Home > NLP Project Details

Text and tabular data processing with regular expression and NLP techniques

Problem Context

Imagine the following scenario: You are a sales representative for a manufacturing company. When searching for potential customers online, you have to browse through numerous websites where customers express their need for products that your company may offer. Sometimes, there might be hundreds of such websites, as some business customers publish their requirements on their own sites. If a program could browse these websites for you, filter out irrelevant pages, and even extract details such as the specific products and quantities needed, it could potentially turn a day's work for a human into a matter of minutes for a computer. Although this idea has good intentions, its implementation is much more challenging than coming up with the concept itself. To partially solve this problem, I have utilized Python data processing toolkits, regular expressions, and simple Natural Language Processing (NLP) techniques.

Implementation

Many organizations publish their product requirements in the form of tables, which include specifications and quantities. To process this tabular data effectively, it becomes necessary to utilize Python packages like pandas.

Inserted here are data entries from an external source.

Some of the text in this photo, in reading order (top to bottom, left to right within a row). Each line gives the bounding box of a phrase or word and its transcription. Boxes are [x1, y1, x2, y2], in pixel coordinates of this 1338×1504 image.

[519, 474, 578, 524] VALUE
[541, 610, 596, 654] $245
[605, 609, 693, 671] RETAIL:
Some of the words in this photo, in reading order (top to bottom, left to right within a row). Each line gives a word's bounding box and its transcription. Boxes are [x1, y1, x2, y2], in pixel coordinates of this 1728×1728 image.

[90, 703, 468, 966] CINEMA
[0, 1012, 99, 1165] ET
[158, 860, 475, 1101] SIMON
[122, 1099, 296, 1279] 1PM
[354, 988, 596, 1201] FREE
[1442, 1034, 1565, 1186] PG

Below is a code snippet that I implemented to handle such tasks:


    def extract(bid_json):
      res = []
      try:
          df = pd.read_html(bid_json['elements_html'])
          res = None
          if len(df) == 1:
              e = 1
              for i in range(1, len(df[0])):
                  if type(df[0].iloc[i, 2]) == float:
                      if math.isnan(df[0].iloc[i, 2]):
                          e = i
                          break
              res = df[0].iloc[1:e, 3:]
              res = res.loc[:, ~res.iloc[1, :].duplicated()]
              res.columns = range(0, len(res.columns))
              res.index = range(0, len(res))
          elif len(df) > 4:
              if df[4].iloc[0, 0] == '序号':
                  res = df[4]
              else:
                  e = 1
                  for i in range(1, len(df[4])):
                      if type(df[4].iloc[i, 2]) == float:
                          if math.isnan(df[4].iloc[i, 2]):
                              e = i
                              break
                  res = df[4].iloc[1:e, 3:]
                  res = res.loc[:, ~res.iloc[1, :].duplicated()]
                  res.columns = range(0, len(res.columns))
                  res.index = range(0, len(res))
          if type(res) != pd.DataFrame or len(res.columns) == 0:
              if df[1].iloc[0, 0] == '序号':
                  res = df[1]
              else:
                  e = 1
                  for i in range(1, len(df[1])):
                      if type(df[1].iloc[i, 2]) == float:
                          if math.isnan(df[1].iloc[i, 2]):
                              e = i
                              break
                  res = df[1].iloc[1:e, 3:]
                  res = res.loc[:, ~res.iloc[1, :].duplicated()]
                  res.columns = range(0, len(res.columns))
                  res.index = range(0, len(res))
      except Exception as e:
          print(e)
      # print(res)
      products_list = []
      for i in range(1,len(res)):
          tmp_dict = {}
          for j in range(len(res.columns)):
              if res.iloc[0][j] in mapping_dict:
                  tmp_dict[mapping_dict[res.iloc[0][j]]] = res.iloc[i][j]
          products_list.append(tmp_dict)
      print(products_list)
      return products_list
  

When classifying a single line of text into several categories, large language models might be unnecessarily complex. Instead, traditional techniques like TF-IDF (Term Frequency-Inverse Document Frequency) combined with machine learning models can be more effective in solving the problem. A sample code snippet demonstrating this approach is shown below:


    train_texts = list(df.iloc[:, 1])
    train_labels = list(df.iloc[:, 2])
    self.vectorizer = TfidfVectorizer(use_idf=True, tokenizer=jieba.lcut)
    X = self.vectorizer.fit_transform(train_texts)
    self.clf = GaussianNB()
    self.clf.fit(X.toarray(), train_labels)
  

When we know that our target content consistently follows a specific pattern, it can be convenient to extract the desired information using regular expressions.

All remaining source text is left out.